> **REQUIRED ACTION**
Please repeat the data below exactly, with the pictures removed.

> **RECORDS FOR THE EXERCISE**
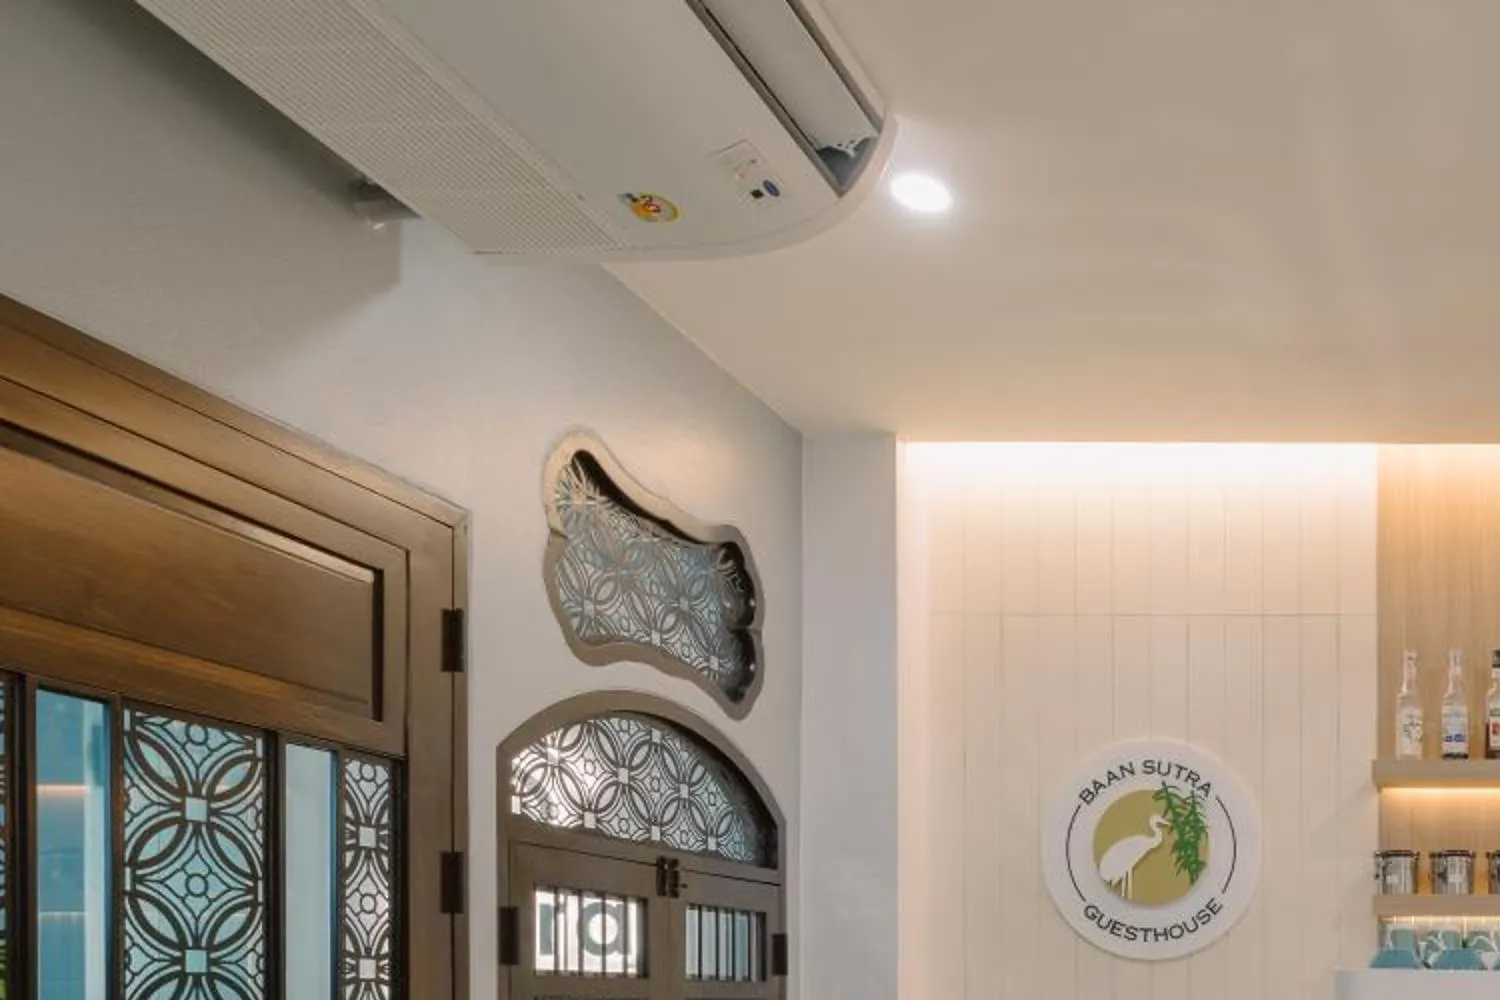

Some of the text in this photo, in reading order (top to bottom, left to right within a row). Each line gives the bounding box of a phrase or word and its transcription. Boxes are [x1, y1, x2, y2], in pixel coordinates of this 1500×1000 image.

[1079, 759, 1212, 804] BAAN SUTRA
[1083, 898, 1223, 942] GUESTHOUSE
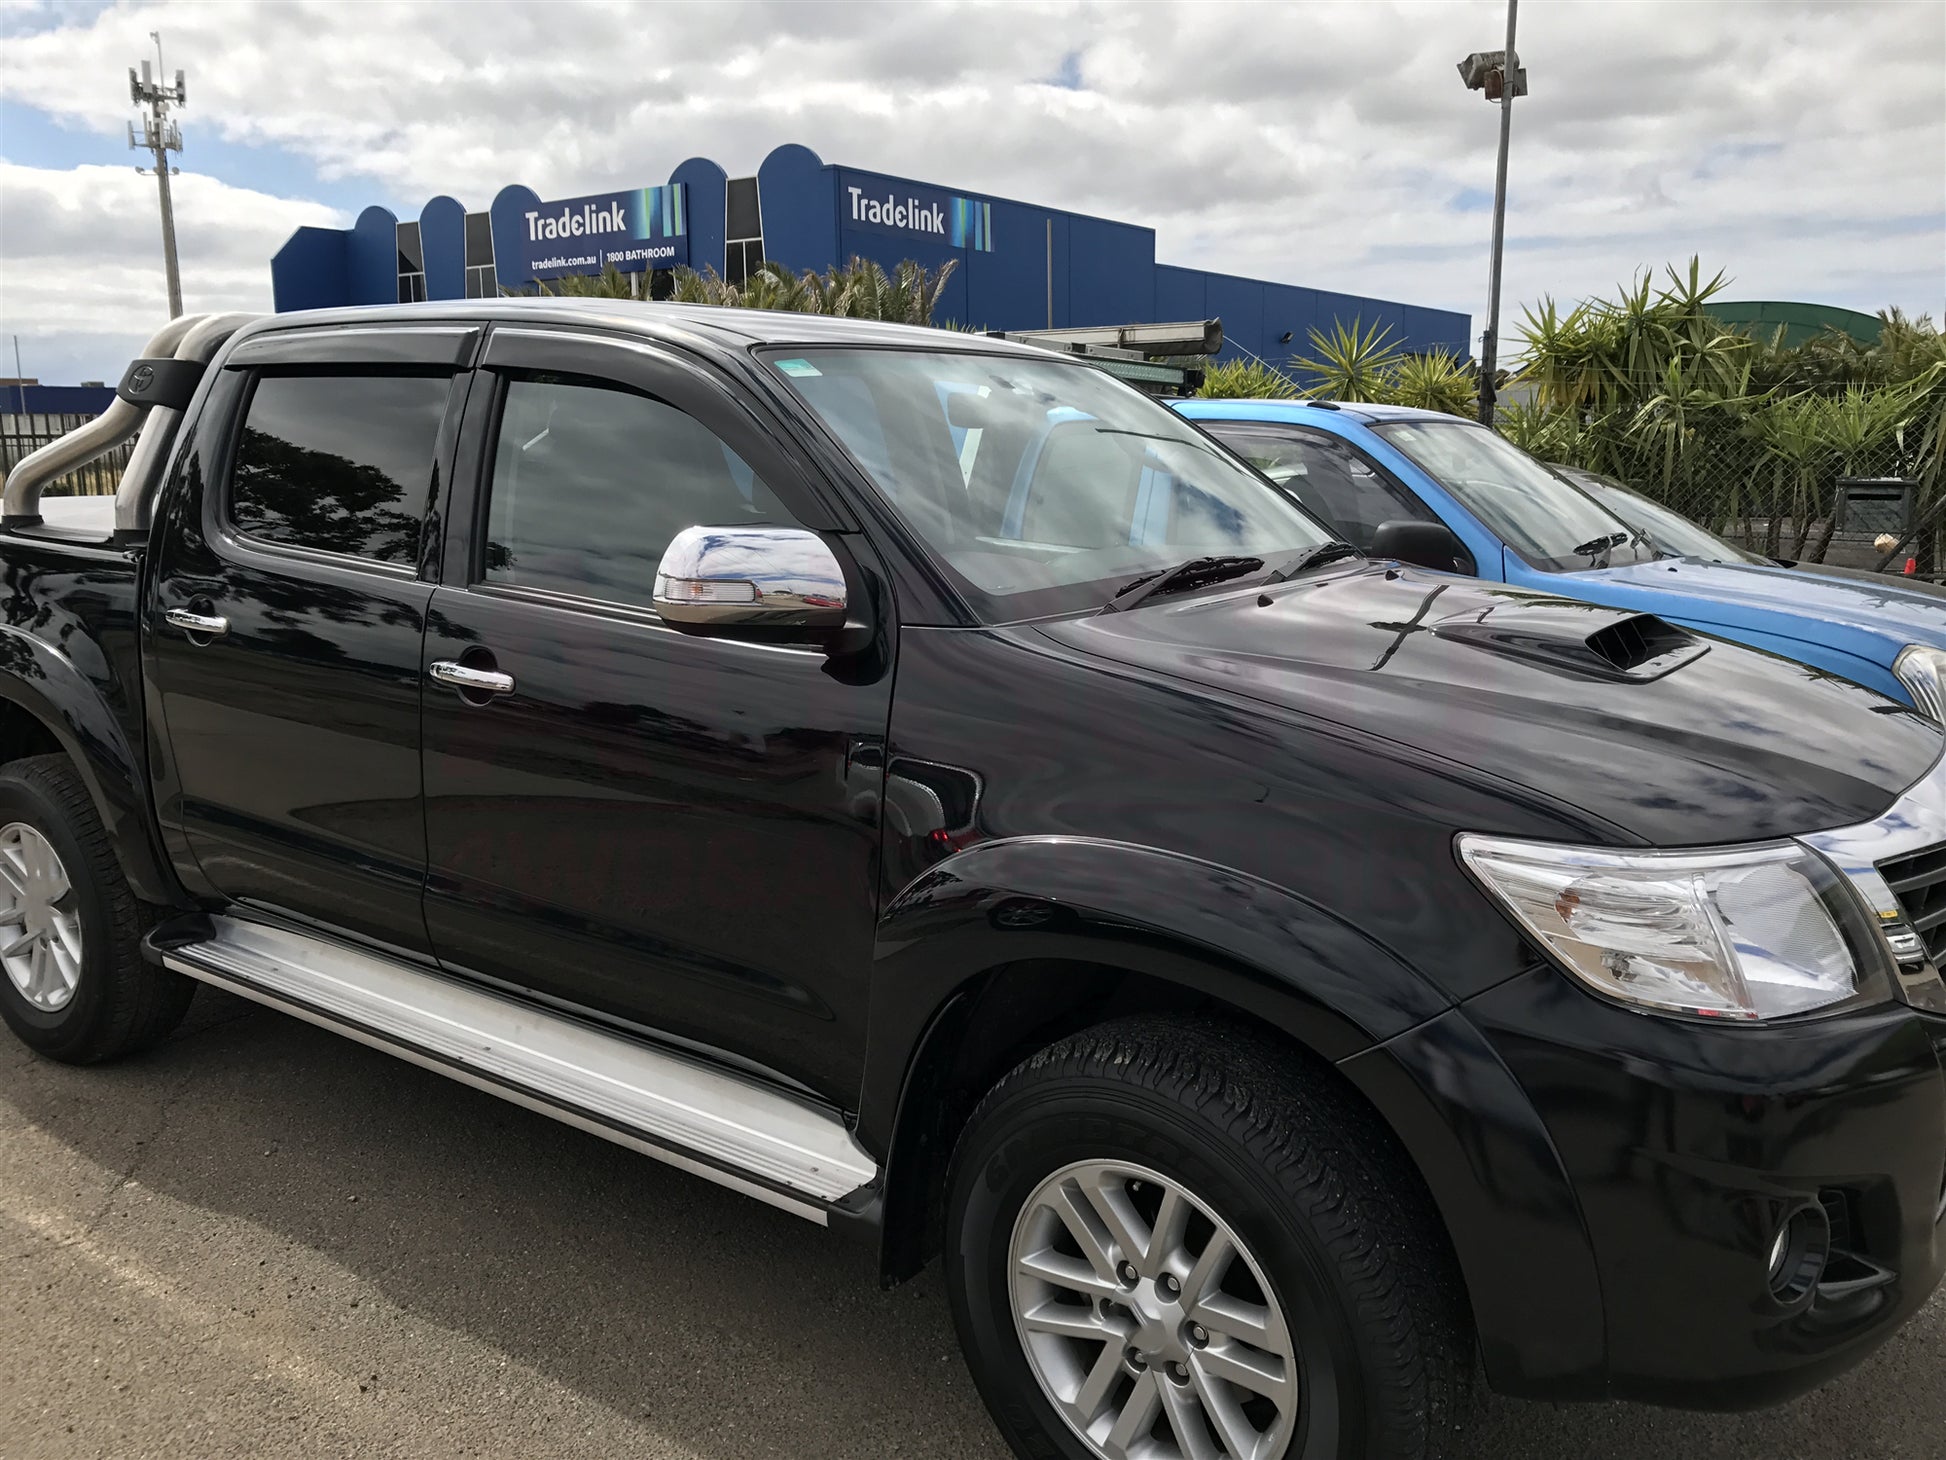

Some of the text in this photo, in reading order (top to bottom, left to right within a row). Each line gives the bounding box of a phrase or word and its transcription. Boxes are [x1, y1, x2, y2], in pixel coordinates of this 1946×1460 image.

[525, 201, 627, 241] Tradelink
[847, 186, 945, 234] Tradelink
[531, 246, 675, 270] tradelink.com.au 1800 BATHROOM
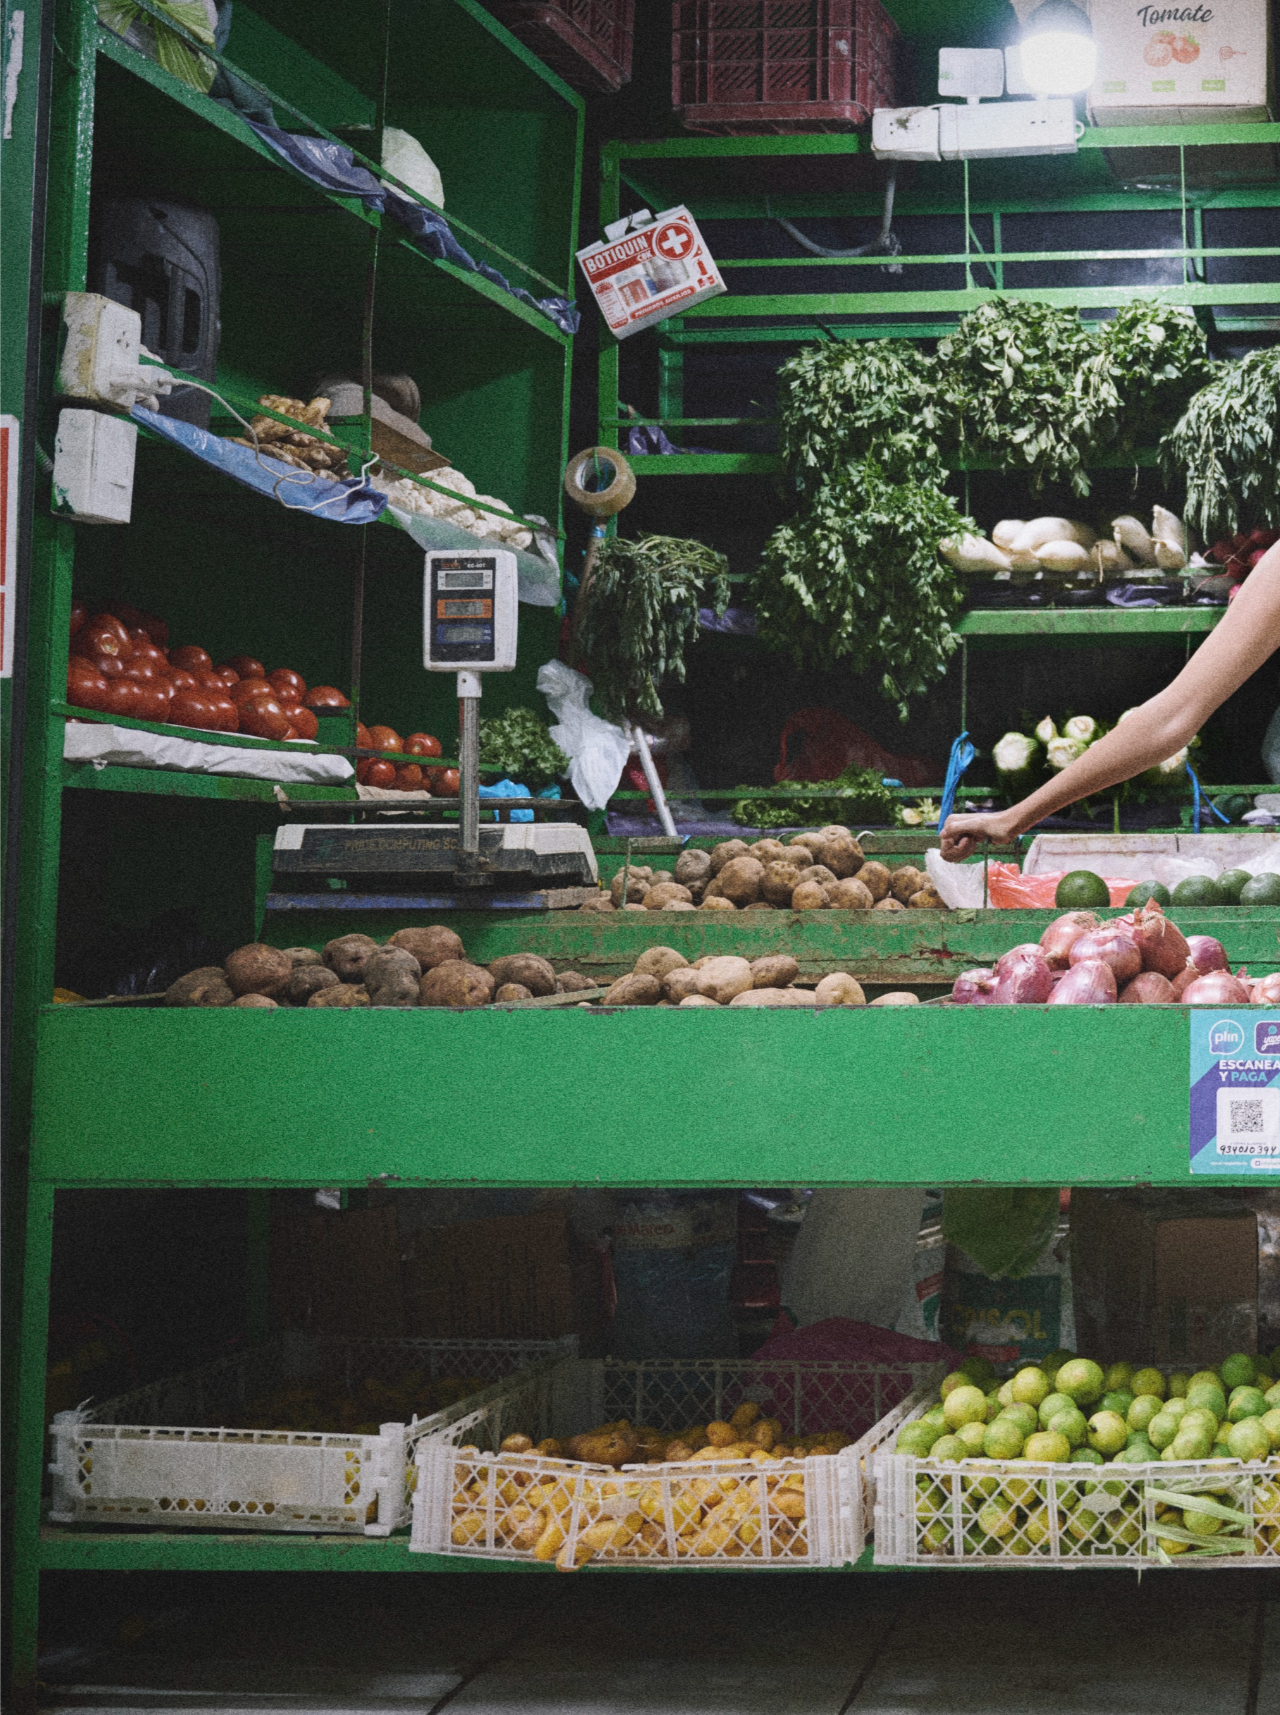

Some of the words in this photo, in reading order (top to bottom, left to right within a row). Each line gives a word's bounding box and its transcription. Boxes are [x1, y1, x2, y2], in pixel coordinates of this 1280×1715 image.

[1137, 4, 1214, 28] Tomate
[585, 236, 649, 274] BOTIQUIN
[1214, 1033, 1239, 1044] plin
[1219, 1072, 1228, 1082] Y
[1231, 1072, 1268, 1082] PAGA

> **ANSWER BOX**
Some of the text in this photo, in reading order (top to bottom, left to right within a row). Each line gives the bounding box of a phrase or word and its transcription. Boxes are [x1, y1, x2, y2], in pixel coordinates of this 1500×1000 image.

[1079, 759, 1212, 804] BAAN SUTRA
[1083, 898, 1223, 942] GUESTHOUSE

Some of the text in this photo, in reading order (top to bottom, left to right within a row). Each line gives the bounding box of a phrase or word and its transcription. Boxes are [x1, y1, x2, y2], in pixel coordinates of this 1946×1460 image.

[525, 201, 627, 241] Tradelink
[847, 186, 945, 234] Tradelink
[531, 246, 675, 270] tradelink.com.au 1800 BATHROOM

Some of the words in this photo, in reading order (top to bottom, left to right within a row). Each line gives a word's bounding box and its transcription. Boxes are [x1, y1, x2, y2], in pixel coordinates of this 1280×1715 image.

[1137, 4, 1214, 28] Tomate
[585, 236, 649, 274] BOTIQUIN
[1214, 1033, 1239, 1044] plin
[1219, 1072, 1228, 1082] Y
[1231, 1072, 1268, 1082] PAGA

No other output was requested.